Our city is known for its culinary prowess, especially in the seafood world. The more recent trend of farm-to-table applies to the seafood industry by taking the approach of sea-to-plate. Restaurants like Seaworthy, showcasing wild-caught and sustainably harvested oysters, are proving to be a go-to choice for diners to taste the freshest catch. But with fresh fish, shrimp, crab and oysters right at our fingertips, we tend to overlook how this sustainability is affected by our climate, more specifically, the natural disasters that are prevalent on the Gulf Coast. The data that is collected by the Nekton Research Laboratory provides this valuable insight.

“We compare year-to-year trends in marine species and even can compare data from the 1970s,” states Dr. O’Connell.

This compilation of data allows research associates to gauge trends in how different species like fish are affected by their environment and any overall statistics that may stand out. Weather and climate play a huge role in these trends as well.

The Toll it Takes

Marine-wise, specifically during Hurricane Katrina, adult organisms such as redfish and trout can get out of the way of the impending storm. Juvenile fish species including eggs and larvae are not as lucky. Mortality occurs more frequently and causes an age gap in the coming years. This tends to go unnoticed until fisherman ask why they are not there or why has the population diminished so drastically since the years prior. Since these organisms are mostly microscopic, this research has been crucial in noticing this trend, and as it affects marine-life, the trickle-down effect goes to the seafood industry.

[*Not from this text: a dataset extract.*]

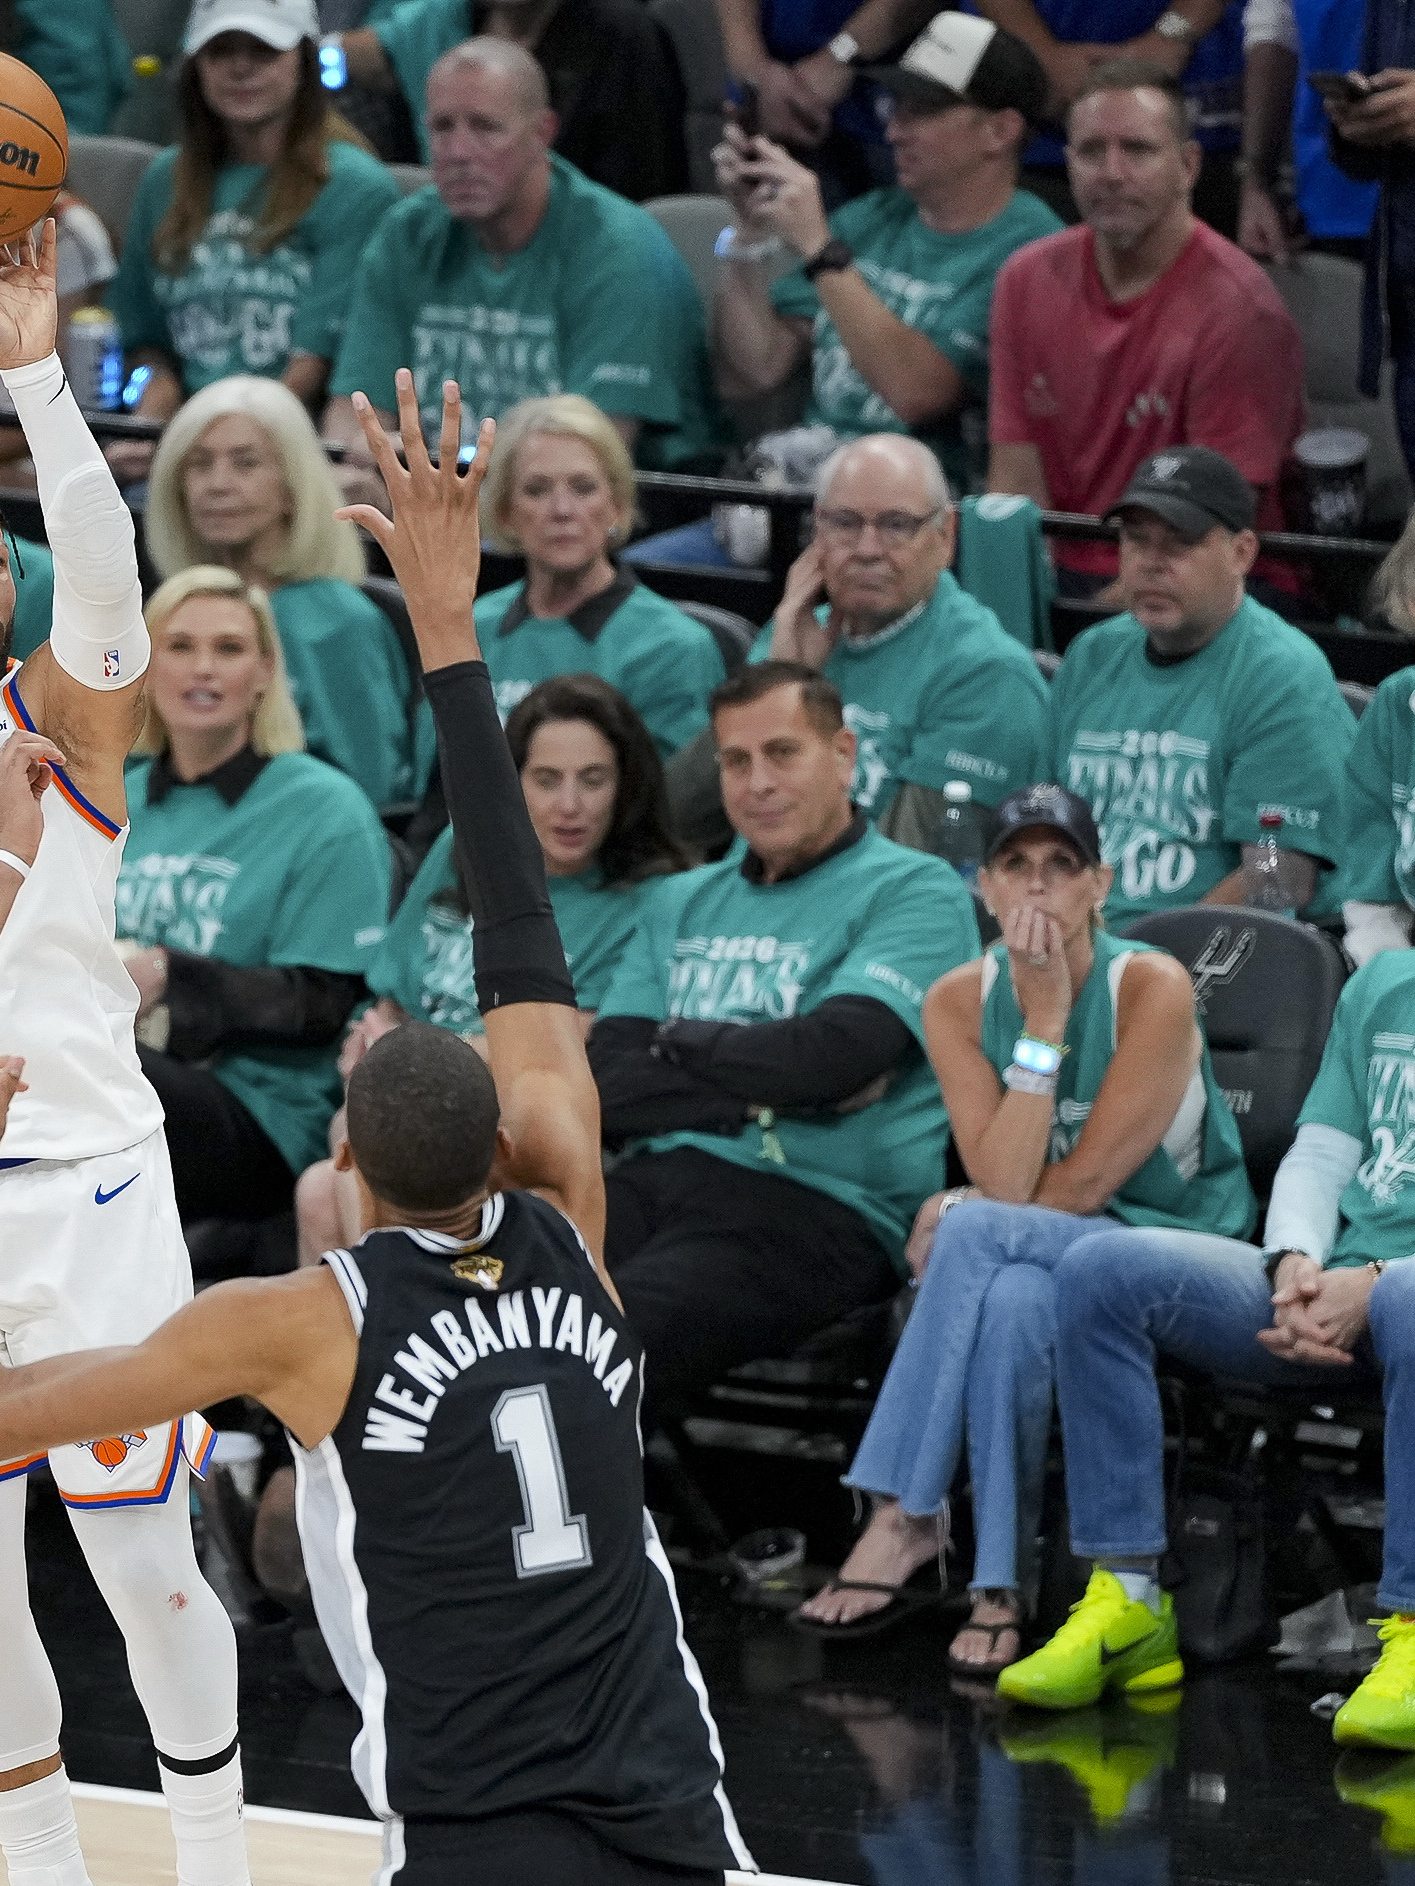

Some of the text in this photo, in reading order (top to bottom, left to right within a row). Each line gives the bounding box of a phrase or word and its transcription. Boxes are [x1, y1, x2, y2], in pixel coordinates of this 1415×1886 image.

[1120, 828, 1196, 900] GO
[361, 1286, 634, 1453] WEMBANYAMA
[489, 1383, 593, 1579] 1
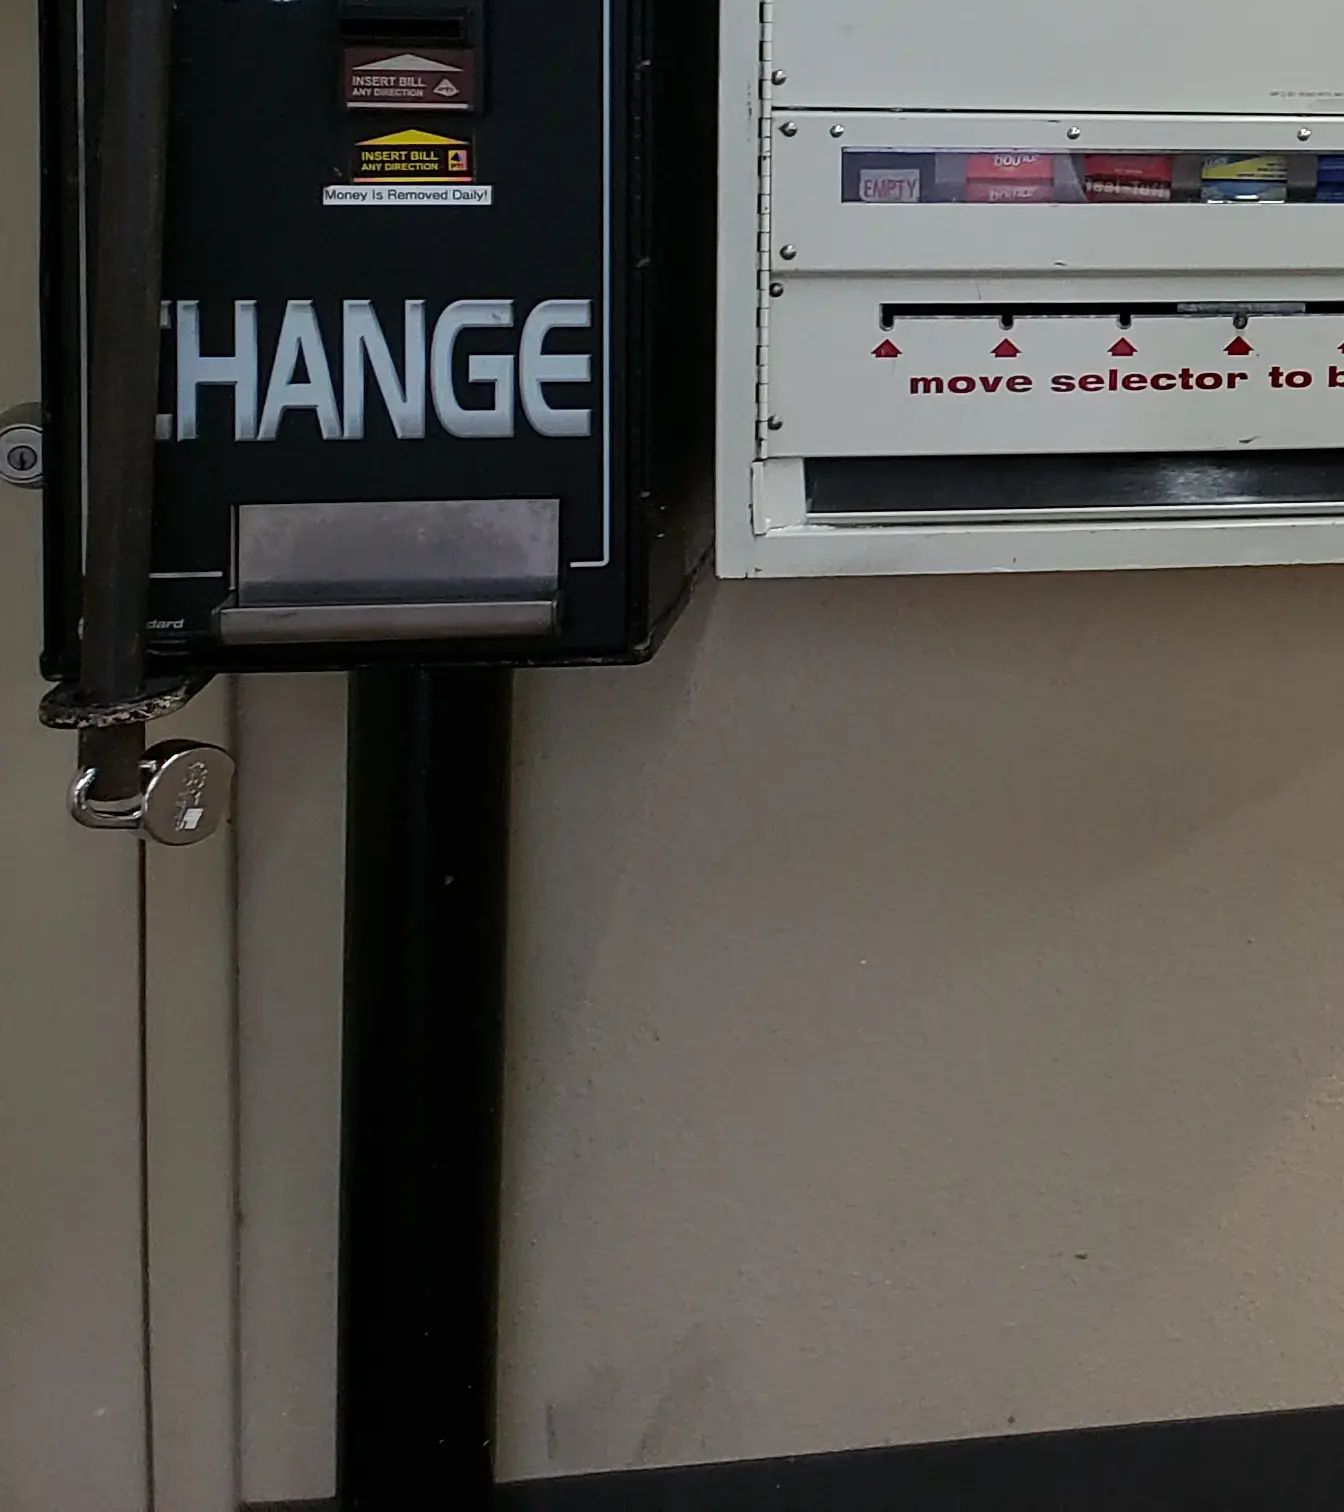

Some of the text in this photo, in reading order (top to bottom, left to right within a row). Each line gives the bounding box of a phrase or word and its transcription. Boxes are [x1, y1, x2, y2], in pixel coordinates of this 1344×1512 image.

Stormy skies overlook the gulf

Dr. O’Connell further recalls shrimp boats lost on the levy after various hurricanes over the years.

“In the event that the boats can ride out the storm and make it back in, there may be no electricity. No electricity, no ice. Then you think about the processing plant, the equipment, and the workers. All of these factors are a domino effect and can severely impact the way seafood makes it to restaurants, businesses and ultimately the consumer.”

When teaching Environmental Science Policy, Dr. O’Connell teaches his students what the findings are and more importantly, the real word effects. Here in Southeast Louisiana, we see that when a natural disaster hits, fisherman get out to the water and when they do, there isn’t any way to process the catch, thus, resulting in a decrease in product. Another unfortunate side effect is how the competitors react to these disasters. Competitors from places outside the affected area know that the demand is still there and they, unlike their Gulf Coast counterparts, have the supply. Dr. O’Connell has also seen competitors spread untruths about the quality of shrimp that is being produced locally and how it is unsafe to eat. Unfortunately, he predicts the same thing will happen in Florida with the unprecedented effects of Hurricane Michael.  However, all these changes are not negative.

A Positive Outlook

Although these effects put a lot of pressure on fisherman, a positive takeaway is that natural disasters actually help the fish species. The two to three year break that it may take to completely revitalize a fish population is a chance for the species to come back stronger and more plentiful for future years.

The Future of Gulf Marine Life

Marine life will always be affected by their environment, and the occurrence of natural disasters will undoubtedly stay prevalent. Although research points to some very hard truths regarding the fate of several marine species, we can look forward to the continued innovation regarding how populations can be sustained.

“At the end of the day, it goes back to, are we able to eat [the] seafood?” says Dr. O’Connell. “I’ve seen a lot of disasters in these 18 years and at no time was I afraid to eat Louisiana seafood.”